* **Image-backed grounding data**
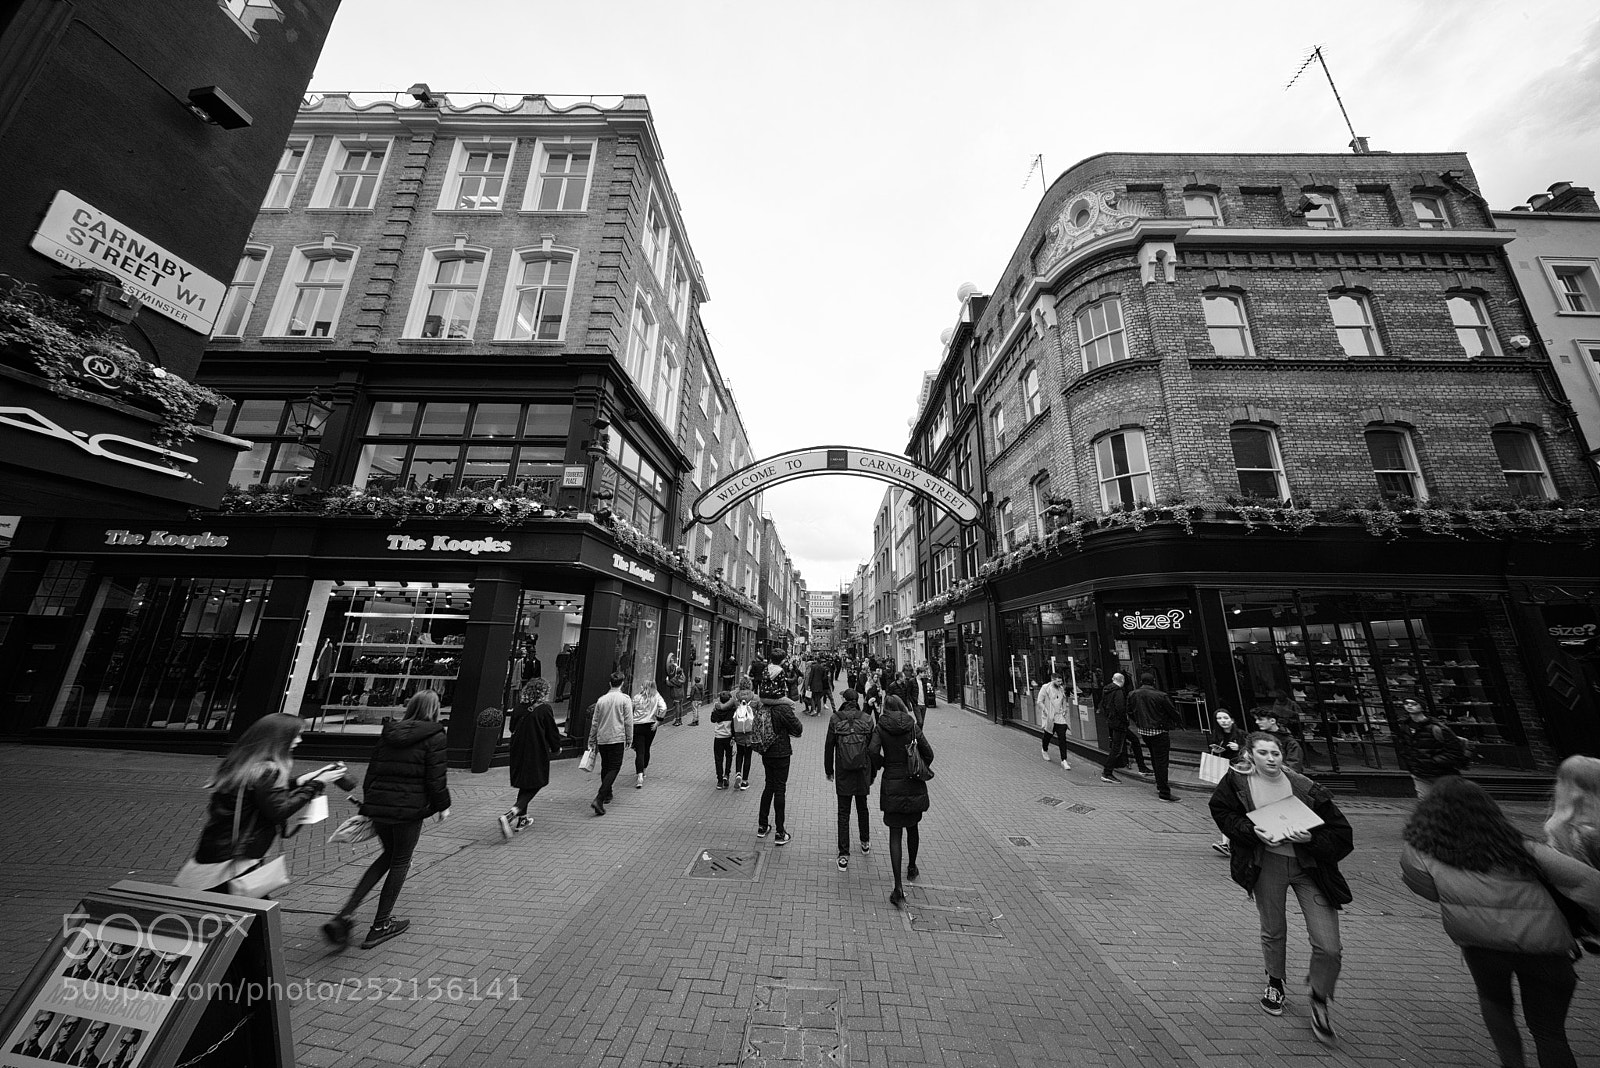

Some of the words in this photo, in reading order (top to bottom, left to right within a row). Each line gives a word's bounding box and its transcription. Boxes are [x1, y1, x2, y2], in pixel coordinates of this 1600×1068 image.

[72, 208, 192, 283] CARNABY
[66, 227, 165, 287] STREET
[175, 284, 207, 312] W1
[55, 249, 87, 267] CITY
[121, 282, 188, 321] ESTMINSTER
[716, 465, 777, 502] WELCOME
[785, 459, 802, 470] TO
[859, 457, 920, 481] CARNABY
[923, 478, 967, 511] STREET
[104, 529, 145, 545] The
[146, 530, 229, 549] Kooples
[386, 534, 427, 551] The
[431, 535, 512, 555] Kooples
[612, 553, 629, 571] The
[1122, 609, 1185, 630] size?
[1548, 623, 1597, 636] size?
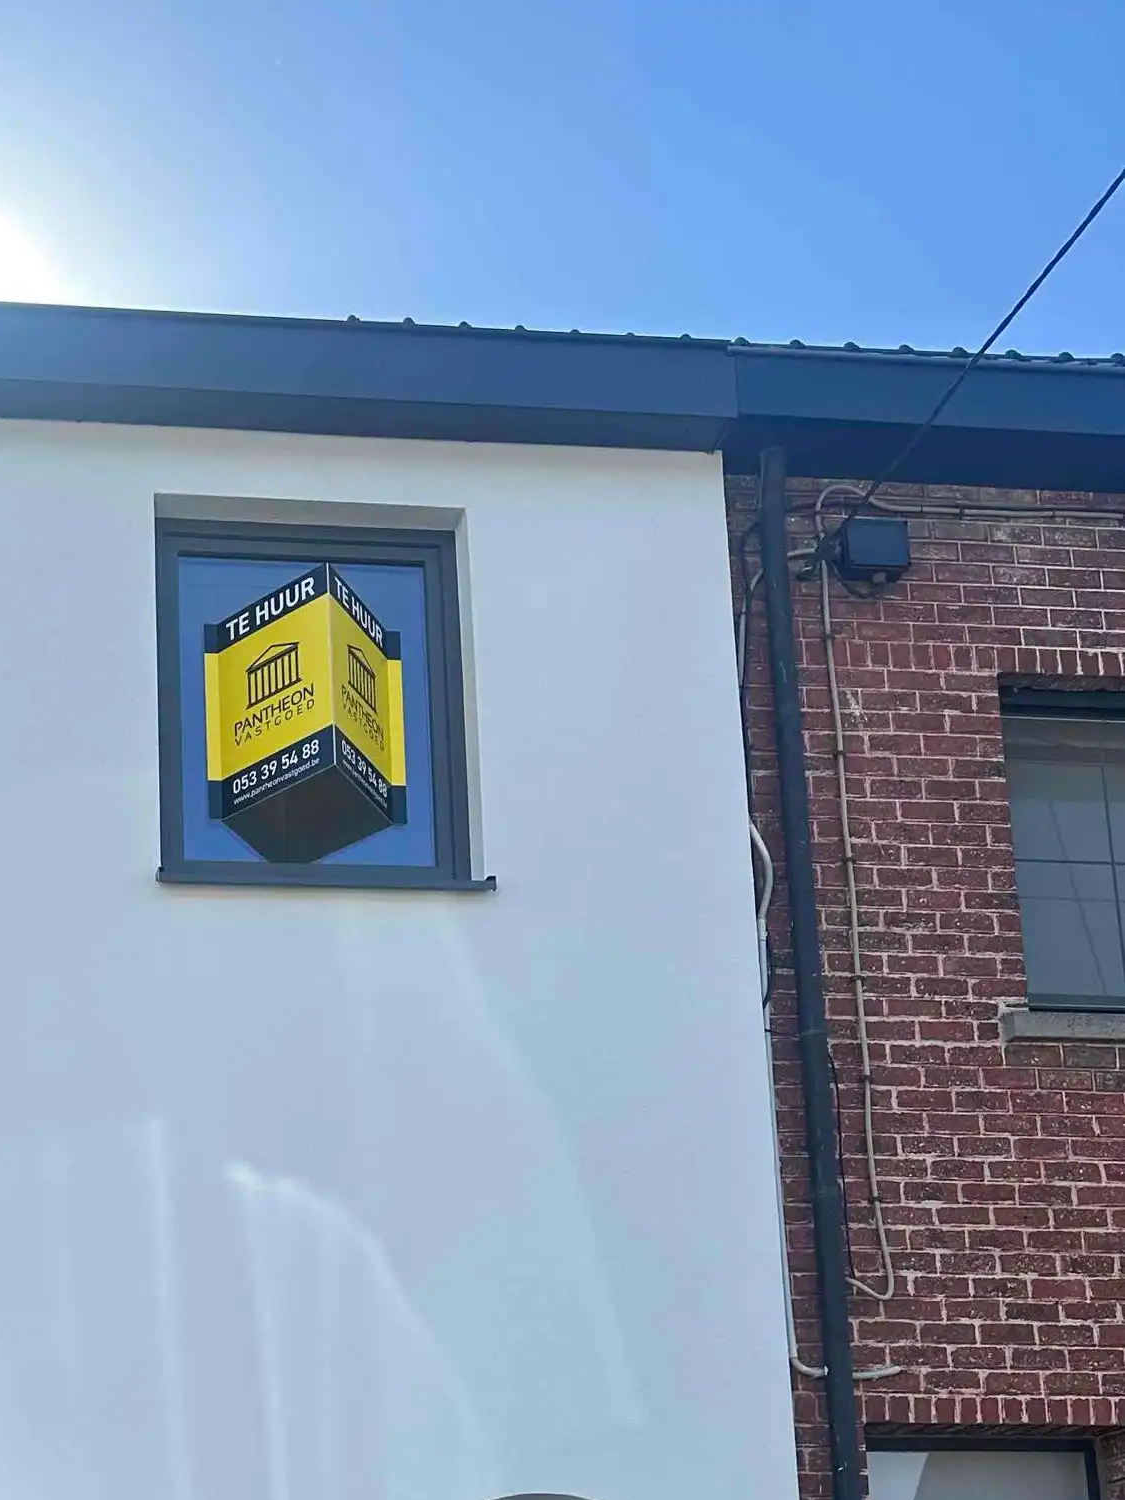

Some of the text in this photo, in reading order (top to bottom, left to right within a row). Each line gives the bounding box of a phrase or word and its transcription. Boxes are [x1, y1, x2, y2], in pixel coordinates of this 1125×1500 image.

[226, 577, 315, 640] TE HUUR
[334, 576, 383, 648] TE HUUR
[234, 682, 315, 736] PANTHEON
[235, 699, 315, 746] VASTGOED
[341, 684, 384, 740] PANTHEON
[232, 739, 319, 794] 053 39 54 88
[341, 740, 388, 797] 053 39 54 88

* **Problem to work on**
Repeat the data above in full and exactly. Omit every image.

* **Result for this task**
Some of the words in this photo, in reading order (top to bottom, left to right within a row). Each line gives a word's bounding box and its transcription. Boxes are [x1, y1, x2, y2], in pixel coordinates of this 1600×1068 image.

[72, 208, 192, 283] CARNABY
[66, 227, 165, 287] STREET
[175, 284, 207, 312] W1
[55, 249, 87, 267] CITY
[121, 282, 188, 321] ESTMINSTER
[716, 465, 777, 502] WELCOME
[785, 459, 802, 470] TO
[859, 457, 920, 481] CARNABY
[923, 478, 967, 511] STREET
[104, 529, 145, 545] The
[146, 530, 229, 549] Kooples
[386, 534, 427, 551] The
[431, 535, 512, 555] Kooples
[612, 553, 629, 571] The
[1122, 609, 1185, 630] size?
[1548, 623, 1597, 636] size?

Some of the text in this photo, in reading order (top to bottom, left to right within a row). Each line gives the bounding box of a phrase or word and its transcription. Boxes are [x1, y1, x2, y2], in pixel coordinates of this 1125×1500 image.

[226, 577, 315, 640] TE HUUR
[334, 576, 383, 648] TE HUUR
[234, 682, 315, 736] PANTHEON
[235, 699, 315, 746] VASTGOED
[341, 684, 384, 740] PANTHEON
[232, 739, 319, 794] 053 39 54 88
[341, 740, 388, 797] 053 39 54 88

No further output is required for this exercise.